Penemuan kembali ideologi yang sudah mapan, maupun elemen-elemen ideologi dari butir-butir Pancasila terjadi, termasuk secara nyata muncul partai-partai Islam. Berdasarkan hasil pemilu demokratis di era reformasi memperlihatkan suara umat Islam secara politis menurun dibandingkan hasil pemilu tahun 1955. Meski Islam politik memiliki kecenderungan meningkat untuk hasil pemilu 2004 dibandingkan dengan hasil Pemilu tahun 1999, namun kenyataan, bahwa mayoritas Islam Indonesia bersifat moderat dan kultural ketimbang politis nampaknya masih valid. Ini mungkin disebabkan, karena mayoritas, sekitar 75% dari masyarakat, Muslim Indonesia berafiliasi ke NU atau Muhammadiyah, dua ormas Islam terbesar yang menganggap NKRI dan Pancasila sudah final bagi umat Islam Indonesia.
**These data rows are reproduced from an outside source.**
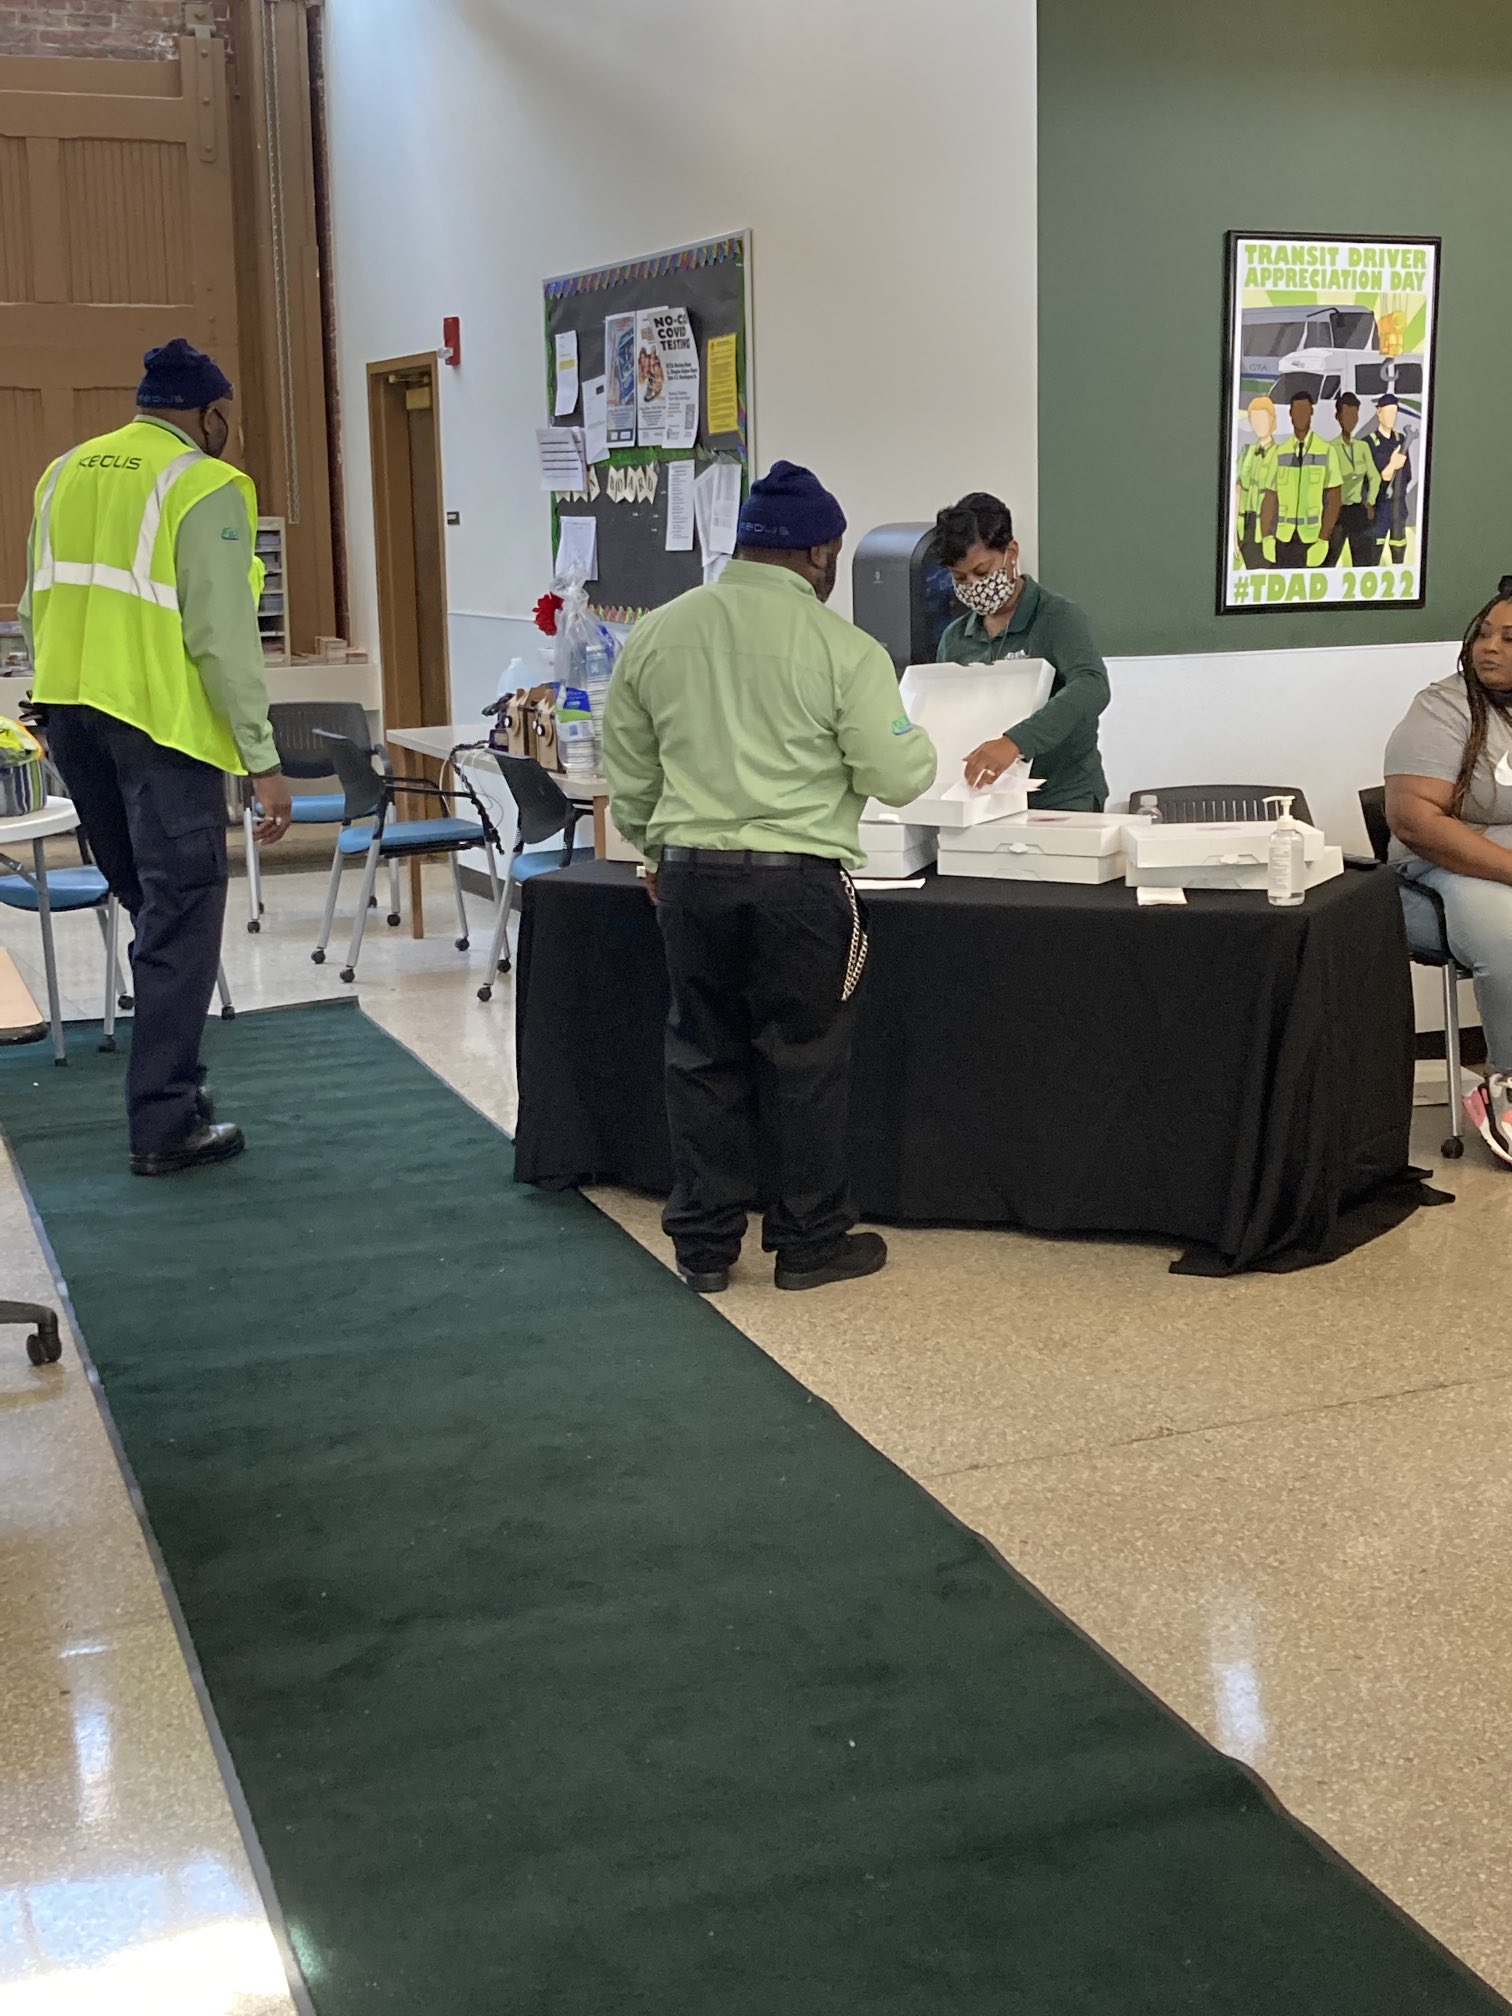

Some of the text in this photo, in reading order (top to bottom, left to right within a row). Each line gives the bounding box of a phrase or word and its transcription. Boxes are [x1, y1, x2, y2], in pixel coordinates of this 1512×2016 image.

[1244, 244, 1427, 270] TRANSIT DRIVER
[1244, 267, 1427, 291] APPRECIATION DAY
[658, 326, 687, 339] COVID
[660, 338, 691, 351] TESTING
[1234, 570, 1414, 603] #TDAD 2022
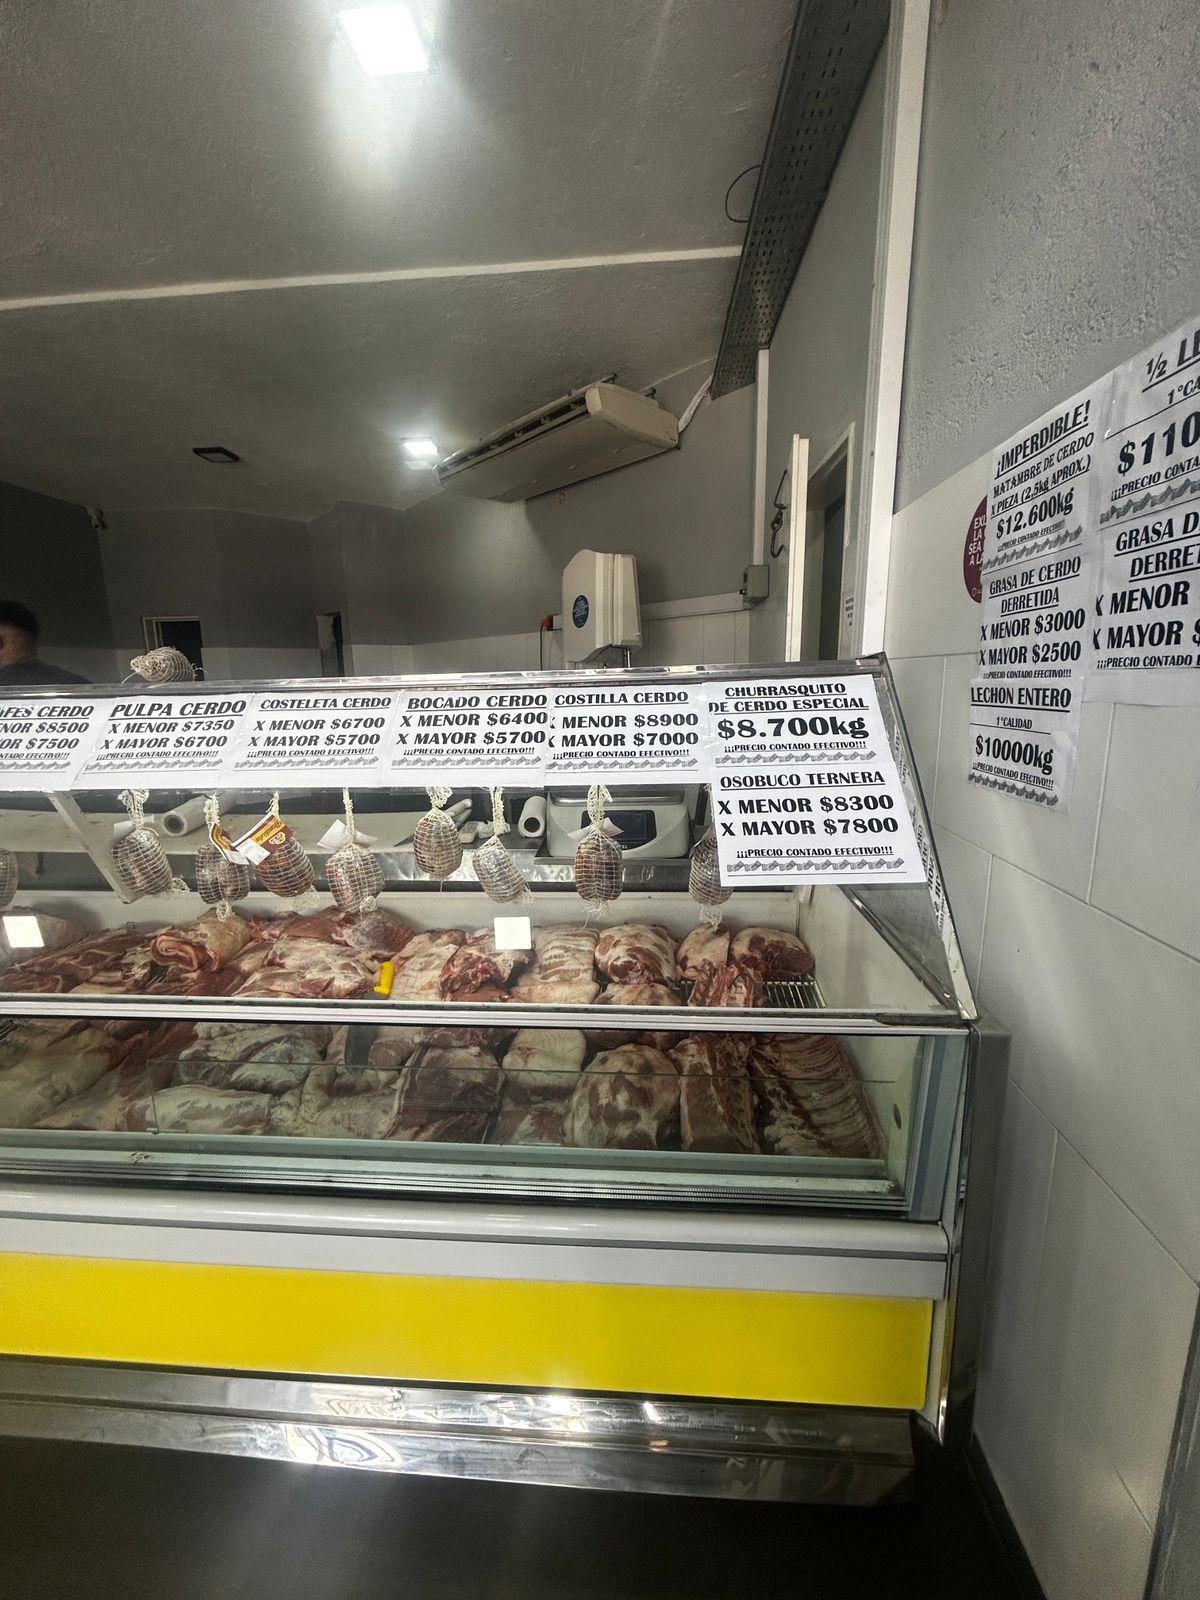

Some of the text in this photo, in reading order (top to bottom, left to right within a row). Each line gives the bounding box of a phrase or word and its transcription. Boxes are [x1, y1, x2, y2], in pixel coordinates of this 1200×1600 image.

[996, 399, 1091, 478] ¡IMPERDIBLE!
[1117, 411, 1200, 476] $110
[993, 432, 1094, 498] MATAMBRE DE CERDO
[997, 493, 1019, 513] PIEZA
[1051, 454, 1091, 487] APROX.)
[996, 487, 1074, 540] $12.600kg
[1116, 511, 1200, 552] GRASA D
[968, 542, 982, 555] SEA
[989, 556, 1081, 595] GRASA DE CERDO
[1001, 587, 1059, 613] DERRETIDA
[1109, 580, 1190, 615] MENOR
[980, 608, 1086, 641] X MENOR $3000
[1107, 620, 1184, 649] MAYOR
[978, 640, 1081, 665] X MAYOR $2500
[1143, 654, 1192, 667] CONTADO
[1006, 670, 1033, 678] CONTADO
[724, 682, 847, 697] CHURRASQUITO
[260, 697, 392, 709] COSTELETA CERDO
[407, 694, 548, 709] BOCADO CERDO
[554, 691, 689, 705] COSTILLA CERDO
[708, 697, 868, 713] DE CERDO ESPECIAL
[970, 687, 1072, 708] LECHON ENTERO
[37, 705, 95, 717] CERDO
[110, 700, 247, 717] PULPA CERDO
[108, 719, 235, 734] X MENOR $7350
[253, 717, 386, 731] X MENOR $6700
[400, 712, 548, 727] X MENOR $6400
[562, 715, 627, 729] MENOR
[634, 713, 699, 728] $8900
[36, 722, 90, 733] $8500
[717, 716, 870, 739] $8.700kg
[26, 738, 80, 750] $7500
[100, 735, 228, 750] X MAYOR $6700
[248, 733, 381, 747] X MAYOR $5700
[396, 730, 546, 745] X MAYOR $5700
[561, 734, 626, 747] MAYOR
[633, 732, 699, 747] $7000
[288, 749, 326, 757] CONTADO
[769, 743, 811, 751] CONTADO
[813, 741, 867, 750] EFECTIVO!!!
[596, 750, 636, 758] CONTADO
[975, 734, 1054, 775] $10000kg
[720, 771, 886, 788] OSOBUCO TERNERA
[994, 765, 1019, 779] CONTADO
[718, 795, 894, 815] X MENOR $8300
[721, 817, 899, 837] X MAYOR $7800
[736, 846, 893, 858] ¡¡¡PRECIO CONTADO EFECTIVO!!!
Karenanya, dapat dipahami mengapa selama empat kali amandemen UUD-1945 di era reformasi, MPR tidak berkehendak untuk mengubah pembukaan UUD-1945.Ketiga adalah inti masalah sebenarnya. Berlatar belakang sejarah dan fakta serta kondisi kehidupan umat dalam berbangsa dan bernegara, terlihat bahwa penyelesaian atas krisis ideologis yang telah banyak memakan korban ini, nyatanya tidak bersifat permanen. Api nasionalisme yang meredup oleh pragmatisme, memunculkan separatisme dan radikalisme sebagai akibat ketimpangan pembangunan dan ideologis. Yang paling menyedihkan adalah menganggurnya energi umat dalam pembangunan bangsa dan negara. Umat Islam termarjinalisasi oleh trauma politis-idologis masa lalu. Islam yang secara kuantitatifnominal mayoritas belum representatif dalam aspek sosial-budaya dan sosial-politik. Fakta sejarah yang terpampang adalah mandulnya kebijakan pro-Islam di tingkat elit. Kebijakan pemerintah, baik era Soekarno maupun Soeharto, cenderung menyingkirkan peran Islam dari wilayah negara.Semestinya, apabila Islam adalah agama mayoritas, pastilah ia juga merupakan agama mayoritas budaya daerah. Apabila kebudayaan nasional adalah puncak-puncak kebudayaan daerah, seperti tertera dalam UUD 1945, maka semestinya semenjak berdirinya Republik ini, Islam menjadi paradigma pembentukan kebudayaan nasional. Kenyataannya, pemerintah mengabaikan fakta antropologis dan kultural yang sangat penting ini. Dalam Orde Baru, Islam tidak boleh memberikan warna untuk dirinya sendiri dengan leluasa, apalagi kepada yang lain. Yang dipromosikan adalah nasionalisme non- Islam, nasionalisme Gajahmada-majapahit yang mencontohkan persatuan dengan penaklukan kekerasan, bukan sejarah penyebaran Islam Nusantara yang dialogis, damai dan lebih moderen. Padahal, bangsa Indonesia menegakkan NKRI dilakukan dengan dialog dan jauh dari kekerasan-penaklukan sebagaimana model persatuan Majapahit tersebut. Proses sejarah yang melahirkan pengaruh Islam di kepulauan Nusantara seringkali direduksi menjadi sekedar ”sejarah Islam di Indonesia” dan bukannya ”sejarah Indonesia” itu sendiri.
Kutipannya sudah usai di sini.